Book Review: A Discovery of Witches

The opening pages of Deborah Harkness's debut novel, A Discovery of Witches, are a combination of unpromising hokiness and tempting intrigue: Diana Bishop is a historian of science who's also descended from a long line of witches; she's rejected her heritage because she's frightened by the power, even though most of the examples of magic she cites are no more intimidating than Samantha's antics on Bewitched. She's in Oxford to study an ancient alchemical manuscript, which turns out to be under a powerful spell, and the next thing you know every witch, vampire and daemon (brilliant but unstable people whose genius/madness has some supernatural component) around wants to know she saw when she read that book... but the one that really catches her attention is a vampire scientist named Matthew Clairmont.

What emerges is an elaborate but conventional supernatural romance that hits all the usual marks. Matthew isn't just brooding and mysterious because he's the romantic hero; he's also 1,500 years old with all the emotional baggage that would imply (and an illustrious pedigree in a secret society much like the Templars); Diana is too headstrong to do anything Matthew tells her to do, which complicates her life over and over again, as does her prolonged refusal to accept the fact that she's a witch and start dealing with her powers (although this turns out to be more than just willful ignorance). Her alchemical research and his background in genetics and evolutionary biology come together to form a semi-scientific explanation for why creatures such as themselves exist, and why they might be at risk of extinction, even as their blossoming relationship attracts the wrong kind of attention from their peers, because--and somehow nobody had told Diana this until just now--witches and vampires aren't supposed to get involved with each other....

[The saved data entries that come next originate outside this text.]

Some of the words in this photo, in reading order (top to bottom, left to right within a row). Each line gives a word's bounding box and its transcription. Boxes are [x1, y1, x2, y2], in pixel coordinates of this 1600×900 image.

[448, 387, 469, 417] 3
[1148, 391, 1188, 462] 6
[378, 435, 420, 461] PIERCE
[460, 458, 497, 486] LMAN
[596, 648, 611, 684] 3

Harkness propels the plot forward relentlessly enough that you're willing to overlook the sillier aspects of the story, however, and she piles detail after detail onto Matthew's family history (including major supporting roles for his vampire mother and her vampire house servant) to increase his dark allure. But then, about two-thirds of the way in, it becomes increasingly obvious this story is nowhere near coming to any sort of neat conclusion, and readers will find themselves simply wondering how Harkness is going to break things off. Ultimately, she chooses to bestow a previously undiscussed witchy power on Diana that caroms her and Matthew in an entirely new direction... and then, abruptly, without any resolution, A Discovery of Witches ends. For some readers, that's liable to be the last straw, but others may have gotten sucked in just deeply enough into the world-shattering romance to want to see what happens next.--Ron Hogan

Shelf Talker: Imagine Twilight with the literary ambitions of Elizabeth Kostova. Be sure to alert customers that, despite its ostensible presentation as a stand-alone story, this is the first of at least two, possibly more volumes.